Eventually I moved to Chicago to become a comedian, where strangely, I met a number of people who had found a wonderful way to deal with being substitute people, by learning to laugh about it. I became one of these people too. These were hedonistic years for me, and I fell into the very familiar pattern of joking about myself in the evening, while suffering the consequences of feeling second best during the day. Eventually I truly had to hold my life up to a microscope when my comic idol and extreme substitute personality Chris Farley overdosed on drugs just a few short blocks from my house.

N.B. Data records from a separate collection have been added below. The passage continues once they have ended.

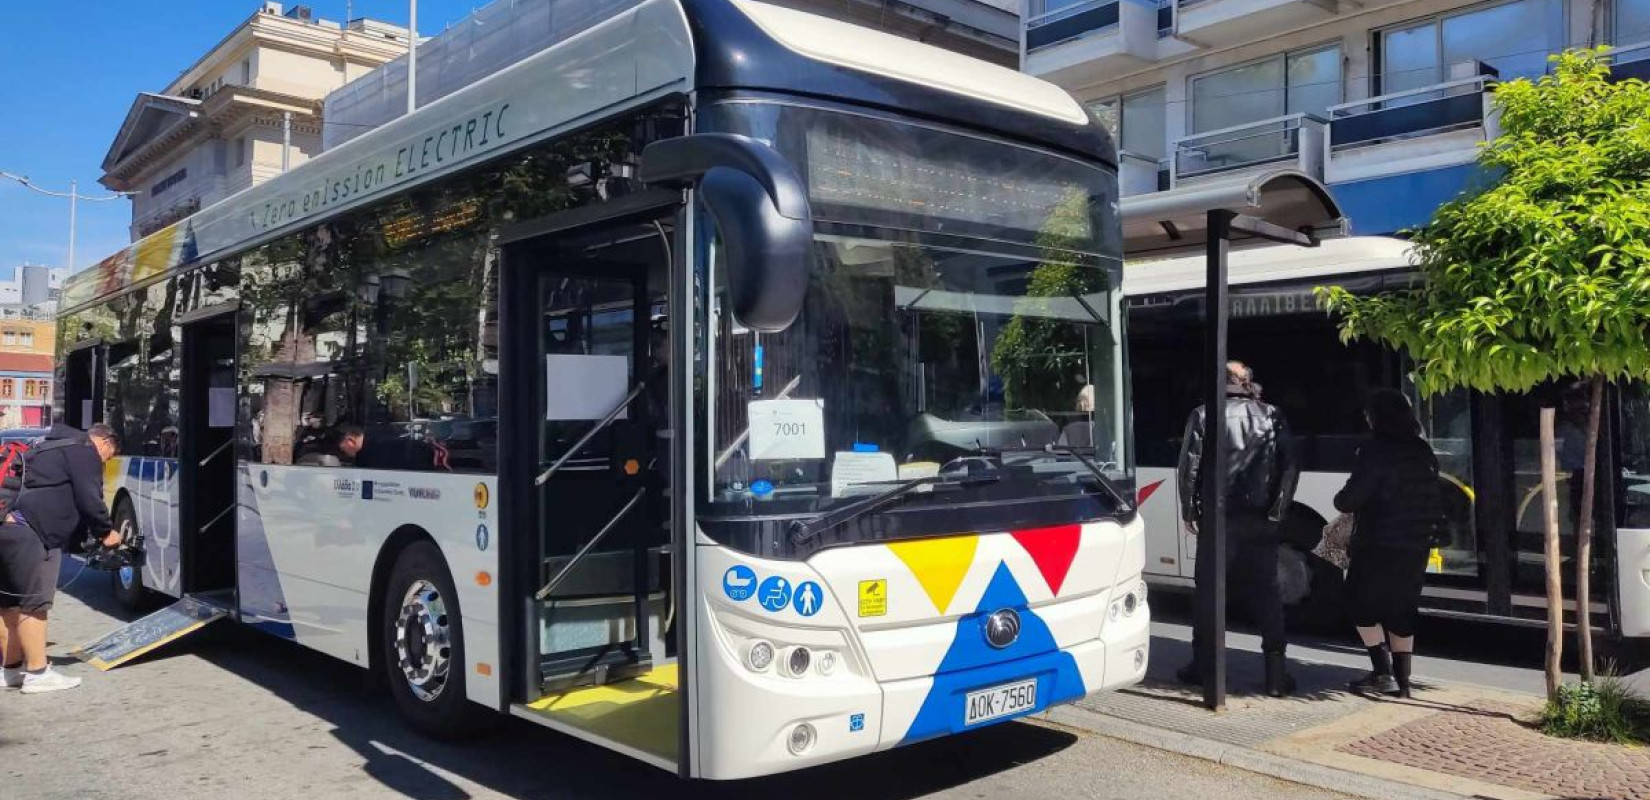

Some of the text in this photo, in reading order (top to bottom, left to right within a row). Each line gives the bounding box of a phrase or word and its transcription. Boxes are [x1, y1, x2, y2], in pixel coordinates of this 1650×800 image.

[262, 103, 510, 229] Zero emission ELECTRIC
[773, 422, 805, 436] 7001
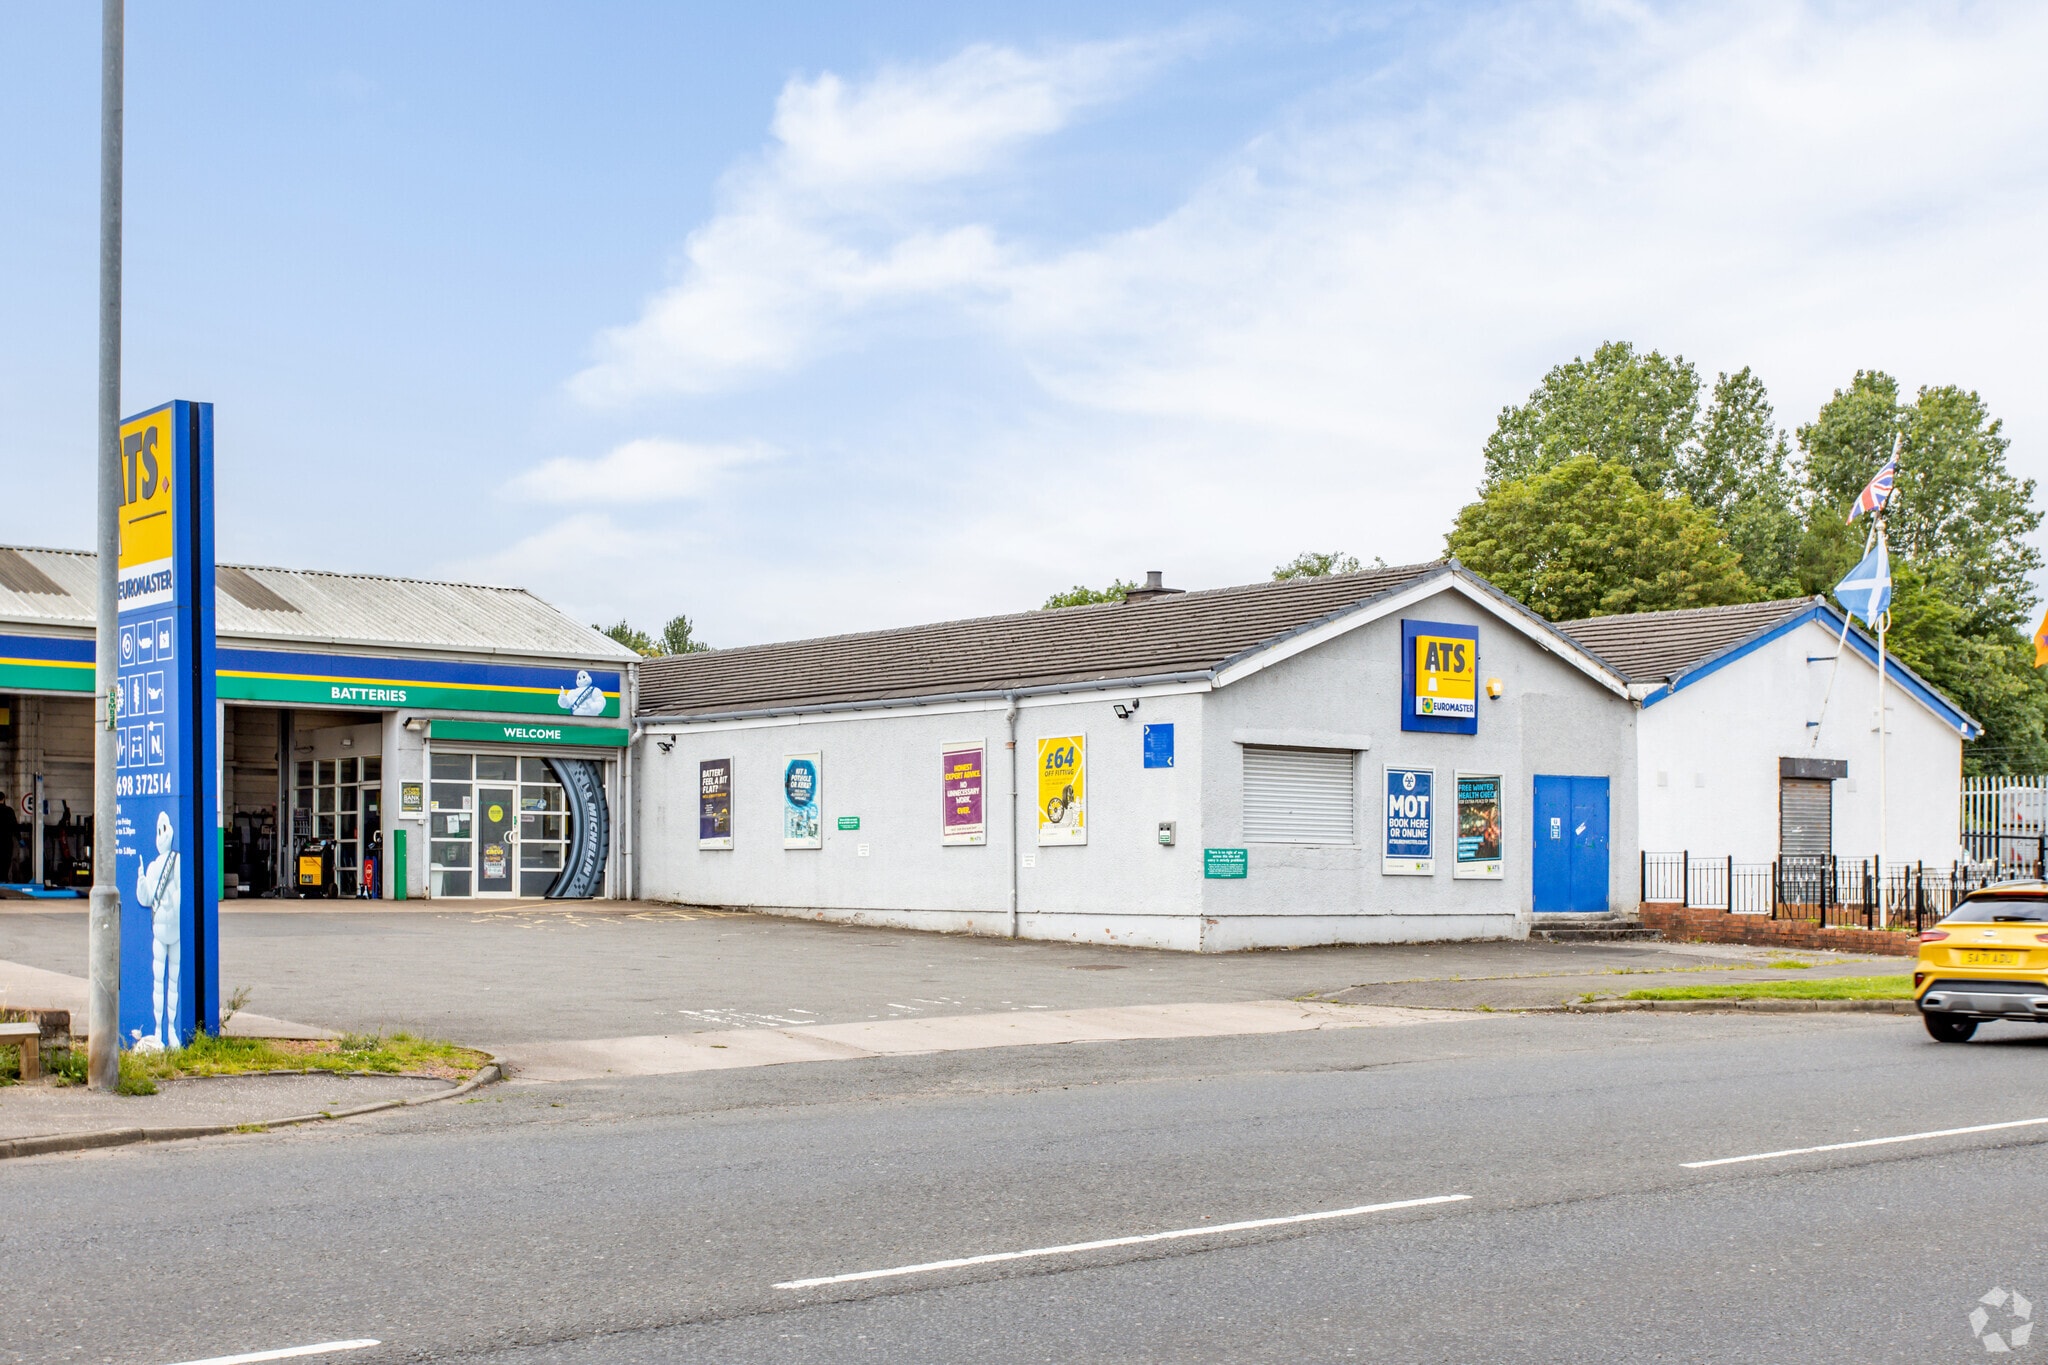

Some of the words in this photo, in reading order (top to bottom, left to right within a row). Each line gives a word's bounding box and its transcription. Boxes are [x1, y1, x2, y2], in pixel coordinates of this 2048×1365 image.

[1424, 641, 1466, 674] ATS
[331, 686, 407, 702] BATTERIES
[1433, 702, 1474, 713] EUROMASTER
[503, 727, 561, 740] WELCOME
[1045, 746, 1075, 770] £64
[702, 768, 725, 778] BATTERY
[135, 772, 171, 796] 372514
[702, 778, 714, 786] FEEL
[702, 785, 719, 794] FLAT?
[1458, 791, 1480, 800] HEALTH
[1389, 794, 1430, 818] MOT
[1389, 818, 1409, 828] BOOK
[1410, 818, 1429, 829] HERE
[1390, 828, 1401, 837] OR
[1402, 828, 1428, 838] ONLINE
[583, 802, 598, 877] MICHELIN

So I had my dark night of the soul. I realized that continuing on the path I was on would likely result in an early demise, and I wasn’t quite ready to check out just yet. I started to study Psychology. First I got a Bachelor’s degree, than a Master’s degree and then another Master’s degree. There, I had done it. I had so many degrees I couldn’t possibly feel second best anymore, right?

Wrong…

The crucial moment for me was actually getting into counseling. That is where I first came to realize that changes in your external world have very little to do with the day to day operation of your internal machinery. No, small, internal changes were what occurred as I continued with therapy, and one day I just woke up and realized I felt differently. The best way I can describe it was an ability to laugh with myself rather than at myself. Gradually I learned that virtually everyone, from the hottest celebrity, to the prom queen, to the richest industrialists, feels like a substitute person at one time or another. This was reinforced for me again and again in my work as a therapist. I found that if you looked behind the lives that seemed like they were using a bit too much effort to exude superiority, there was usually a case of crippling self-loathing and insecurity.

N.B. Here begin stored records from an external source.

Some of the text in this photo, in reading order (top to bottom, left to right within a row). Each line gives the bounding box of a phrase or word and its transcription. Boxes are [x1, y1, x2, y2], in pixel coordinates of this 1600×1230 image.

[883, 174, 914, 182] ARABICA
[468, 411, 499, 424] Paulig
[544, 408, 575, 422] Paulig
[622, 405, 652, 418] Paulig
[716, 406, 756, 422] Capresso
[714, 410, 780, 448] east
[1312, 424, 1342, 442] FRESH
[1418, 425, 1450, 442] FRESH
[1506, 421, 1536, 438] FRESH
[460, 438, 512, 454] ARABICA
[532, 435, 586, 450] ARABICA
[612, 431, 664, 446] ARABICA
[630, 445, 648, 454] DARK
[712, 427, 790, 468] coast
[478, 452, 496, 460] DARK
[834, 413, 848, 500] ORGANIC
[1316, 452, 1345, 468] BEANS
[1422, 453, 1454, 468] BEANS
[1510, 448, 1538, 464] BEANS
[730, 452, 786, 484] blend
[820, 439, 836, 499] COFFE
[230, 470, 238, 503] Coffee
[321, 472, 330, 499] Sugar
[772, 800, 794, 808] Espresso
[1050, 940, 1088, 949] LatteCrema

So I again try and return to the idea of humor in therapy, because that was my personal path to wellness, although I also recognize there may be others. I constantly see people who struggle with inferiority, and in one way or another it seeps into every aspect of their lives. Shared absurdity, that’s become my mantra. I mean what the hell are we really doing here anyway? I remember watching a video called “The power of ten” a few years back that kept zooming away from the earth by a power of ten. Looking at our tiny speck of dust fade into the distance, I suddenly realized not going to some dance seemed a little less important, and it is a lesson I try and remember. We all have an idea about what it is we are doing here, but all we really know for sure is that we are on this tiny blue speck of stardust together. For better or for worse we’re stuck here together, and personally I think there’s got to be something better than trying to make each other feel bad about what we don’t have. When we can learn to laugh about our shared experience it truly does become a shared experience, and sometimes that makes it pretty bearable.